I'm also head of Vienna.pm [pm.org], maintainer of the CPANTS [perl.org] project, member of the TPF Grants Commitee [perlfoundation.org] and the YAPC Europe Foundation [yapceurope.org].
I've got stuff on CPAN [cpan.org], held various talks [domm.plix.at] and organised YAPC::Europe 2007 in Vienna [yapceurope.org].
The new and shiny oe1.orf.at is finally online!
As you might expect it's crafted using the finest ingredients of Modern Perl: Catalyst, DBIx::Class, Moose, HTML::FormHandler, KinoSearch. Relaunching the site was a nice project, even though there were some setbacks:
I was forced to switch from Postgres to MySQL (using - the horrors - MyISAM), so I couldn't use any real database features like transactions and referential integrity; the launch date was postponed a few times, so I couldn't help organising the QA Hackathon as much as I wanted (in fact I can also not attend all days, because I want to spend some time with my family before leaving for Berlin / Icleand).

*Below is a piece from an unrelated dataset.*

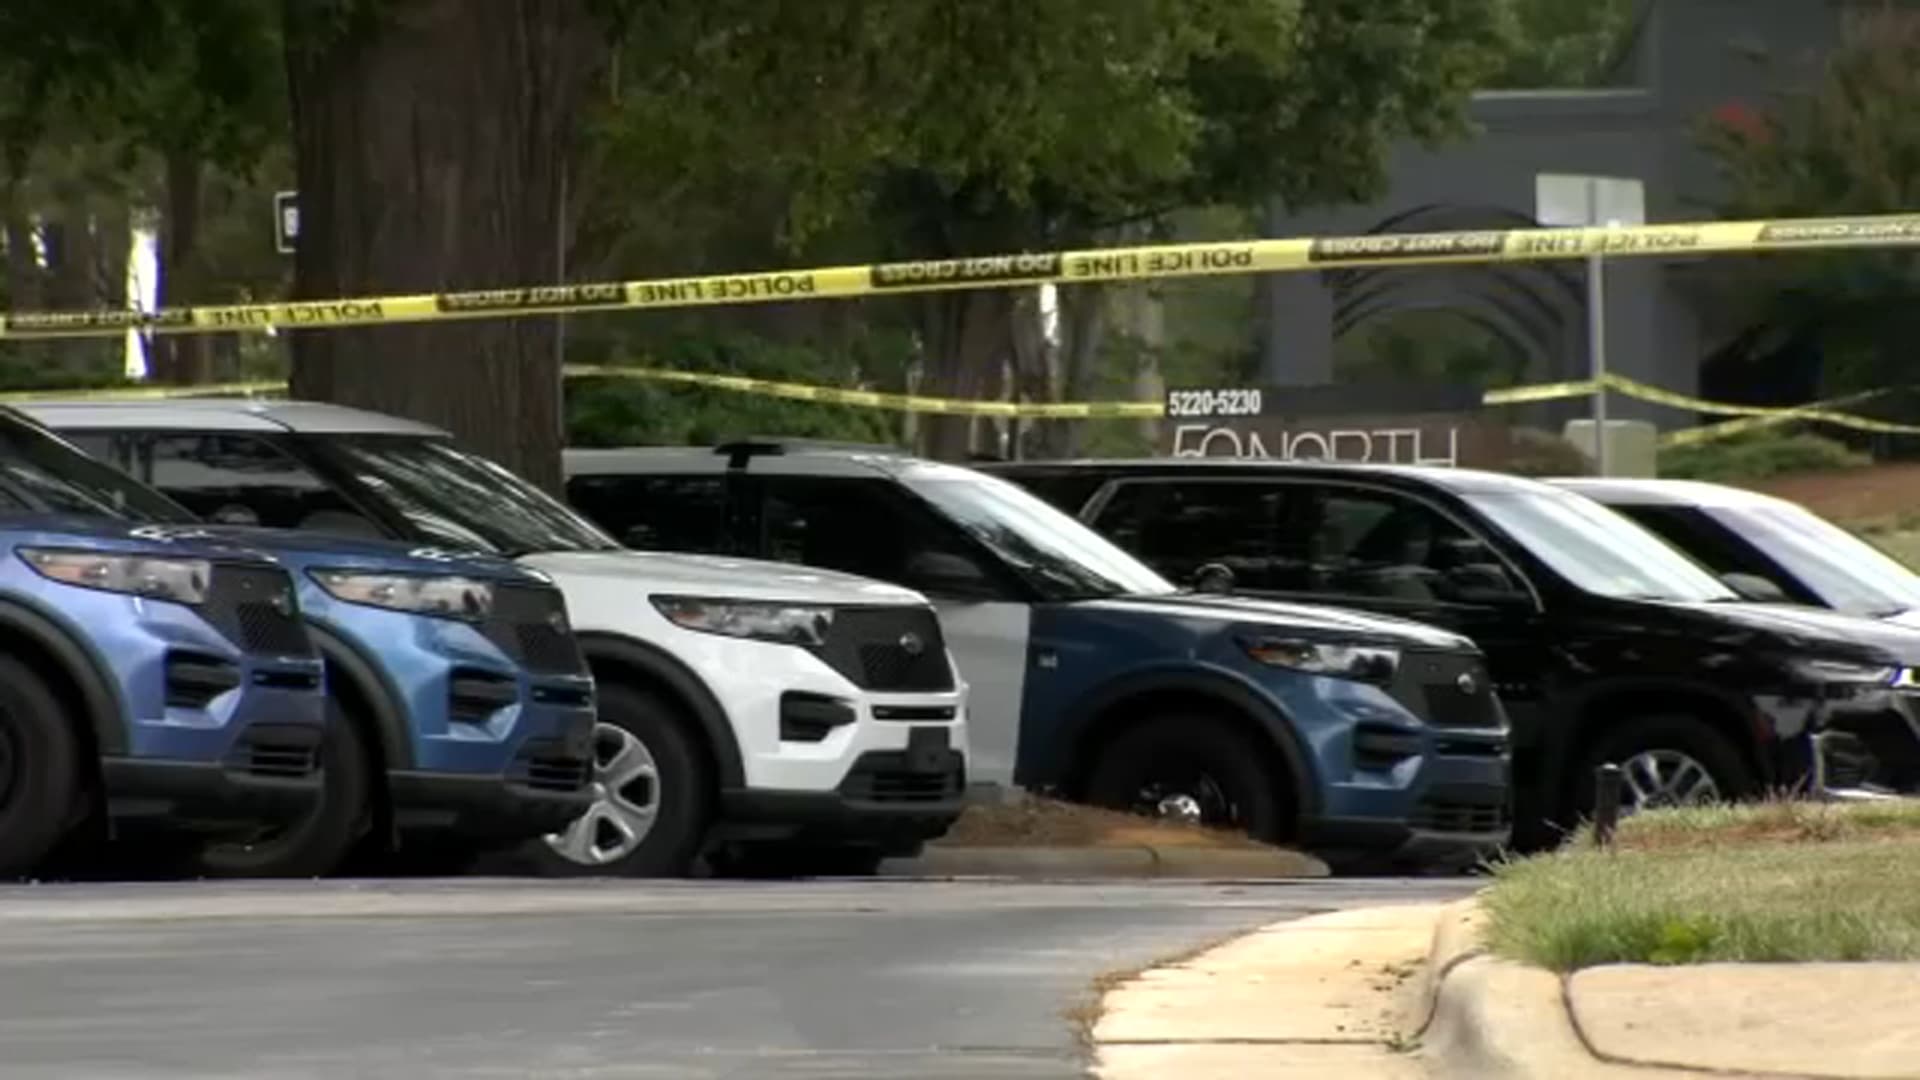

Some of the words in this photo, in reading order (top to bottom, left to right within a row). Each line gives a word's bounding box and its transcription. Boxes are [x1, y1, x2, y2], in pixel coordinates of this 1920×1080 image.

Anyway, after fixing some last post-deployment glitches everything seems to work now. Yay!
Shiny! (Score:2)
What forced the switch from Postgres? Even worse, why MyISAM? I assume there's a compelling story in there somewhere :)
Re: (Score:1)
It seems to me if one were to have good reason to pick MySQL, then it would necessarily be for MyISAM. That engine is at least compelling insofar as it is essentially a NoSQL database with an SQL frontend. For mostly-read workloads it’s an interesting option.
In contrast, InnoDB is just a crippled wannabe regular transactional RDBMS. There are far better choices if you need one of those. InnoDB only ever makes sense to use when you are stuck with MySQL as an a priori constraint.